The growth of chaimagic
: support for data analysis
chaimagic
evolved with helper functions for analysis, e.g. a function returning the season in India from a date (e.g. monsoon, winter), or functions for common operations on variables from our questionnaire data. chaimagic
also got one more contributor.
chaimagic
also contains a Shiny
dashboard for exploring personal monitoring data that were collected in the project: one selects a participant-day and gets interactive leaflet
and rbokeh
plots of GPS, air quality, and time-activity data from questionnaires and wearable cameras. I told my boss that the dashboard was brought to us by the biblical Magi but maybe I helped them, who knows.
The maturity of chaimagic
: serving scientific communication
Now, our package also supports scientific communication thanks to an RMarkdown
template for internal reports which fostered reproducibility of analyses by making the use of RMarkdown
even more appealing. Having an RMarkdown
template also supports consistent branding, which is discussed in the RStudio blog post.
chaimagic
also includes a function returning affiliation information for any possible collaborator we have; and a function returning the agreed-upon acknowledgement sentences to be put in each manuscript. These are pieces of information we can be very happy not to have to go look for in a folder somewhere, we can get them right without leaving R!
Why is chaimagic
a really cool package?
chaimagic
has been a valuable tool for the work of two statisticians/data managers, one GIS technician, one post-doc and one PhD student. Discussing its development and using it was an occasion to share our R joy, thus fostering best practices in scientific computing in our project. Why use Stata or other statistical softwares when you have such a nice internal R package? We found that even if our package served a small team of users, an R package provided a robust infrastructure to ensure that everyone was using the same code and R coding best practices in our team.
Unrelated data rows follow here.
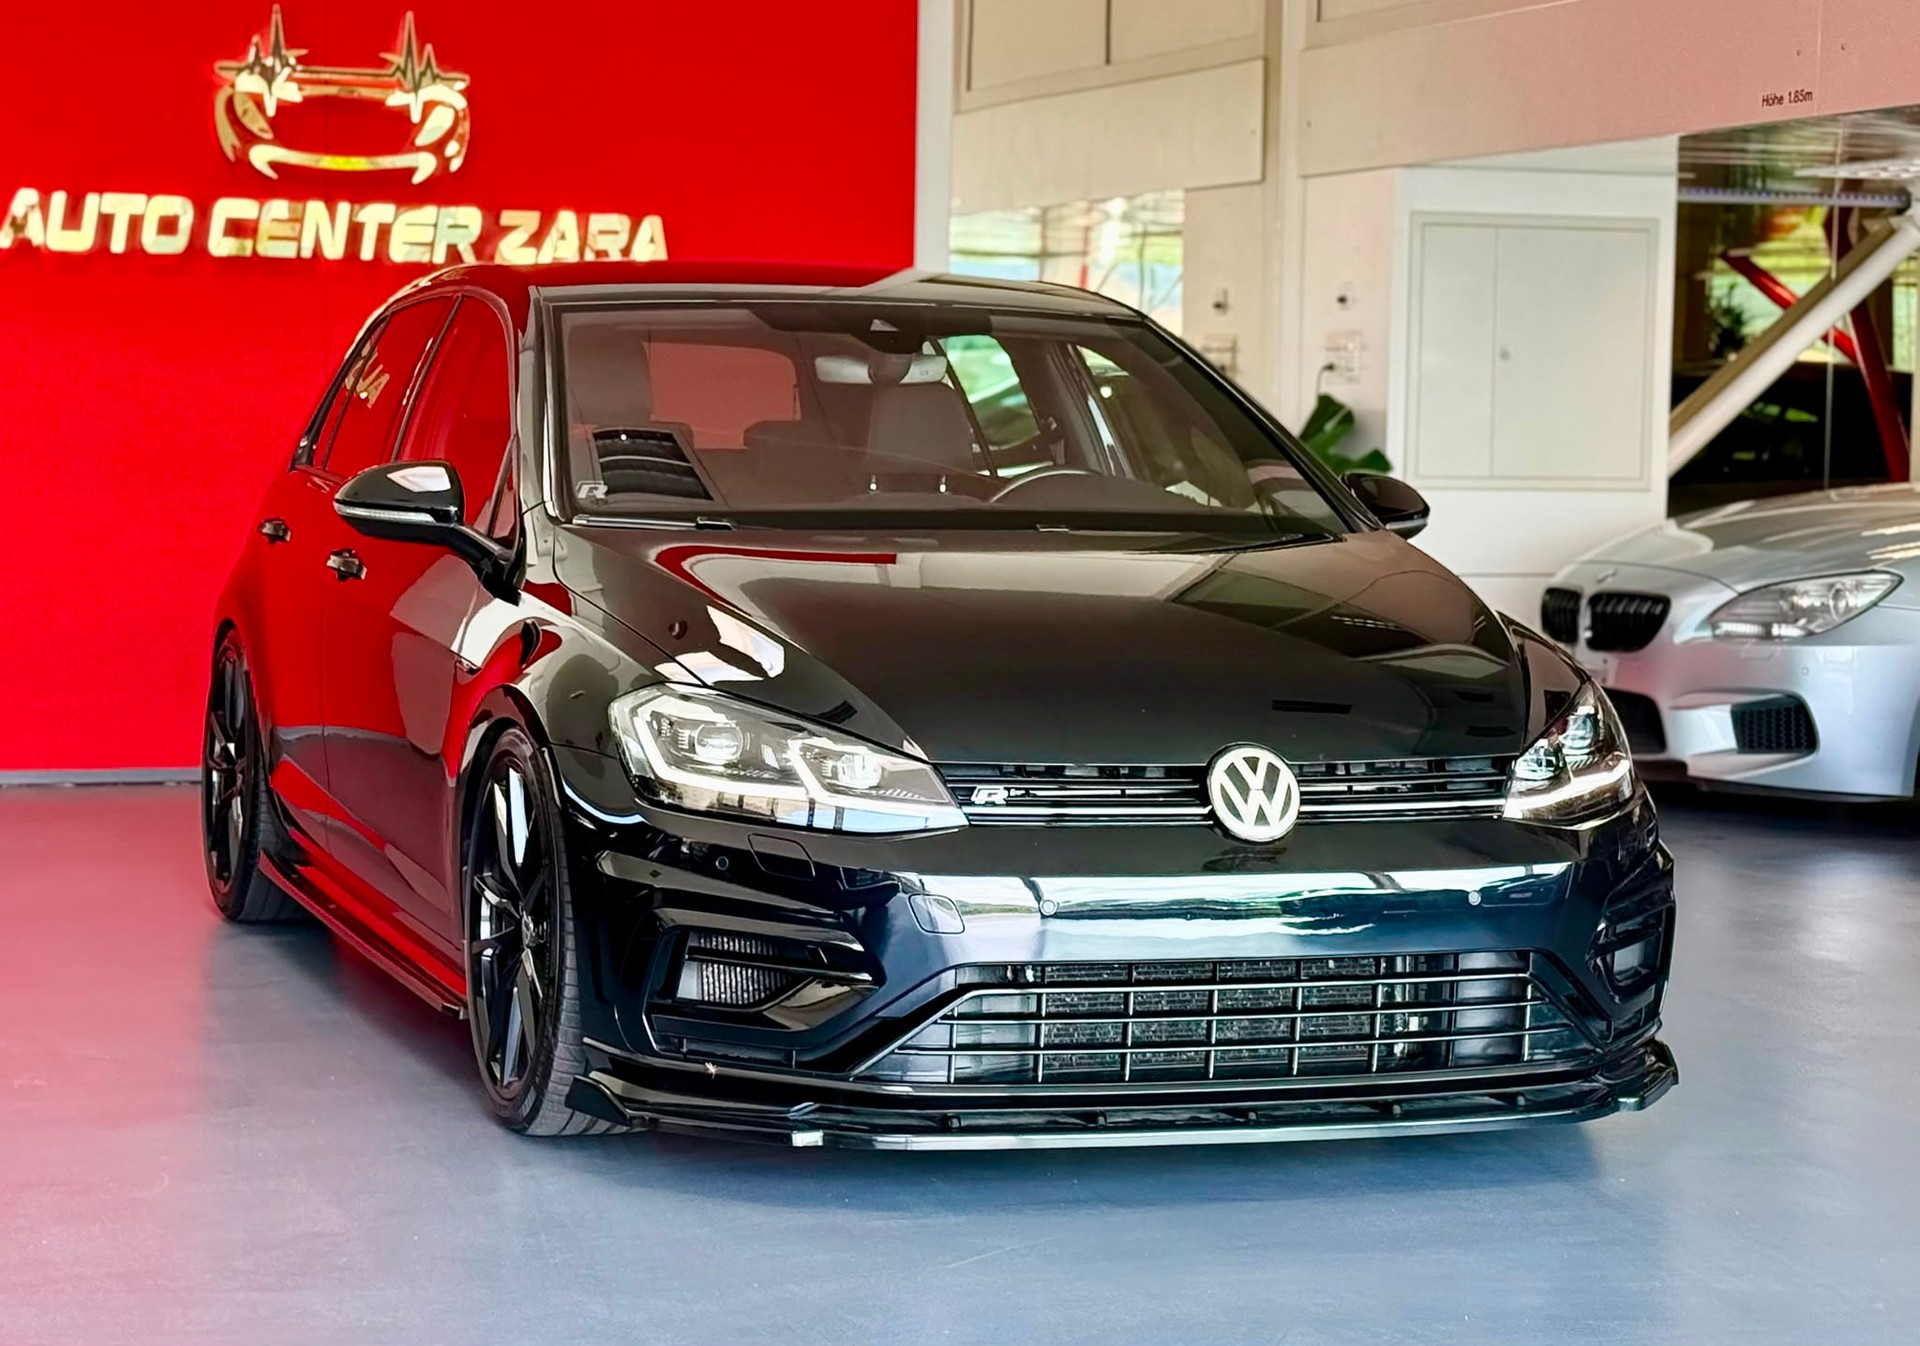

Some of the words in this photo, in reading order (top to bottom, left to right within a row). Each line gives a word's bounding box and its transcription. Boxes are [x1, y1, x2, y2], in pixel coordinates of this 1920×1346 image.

[1761, 93, 1784, 107] Höhe
[1788, 88, 1813, 104] 1.85m
[0, 187, 194, 255] AUTO
[207, 197, 483, 264] CENTER
[494, 209, 669, 265] ZARA
[576, 480, 608, 499] R
[971, 786, 1009, 805] R
[1207, 747, 1300, 842] VW
So this is very good… but we all know from e.g. Airbnb (see also this post about Airbnb and R) that stickers are a very important aspect of an internal R package. I was over the moon when my colleague Carles handed me these fantastic chaimagic
stickers! He used the hexSticker
package. I’ll leave the team in September after everyone’s vacations, and this piece of art was the goodbye present I received at my goodbye lunch. Doesn’t it make our internal package completely cool now?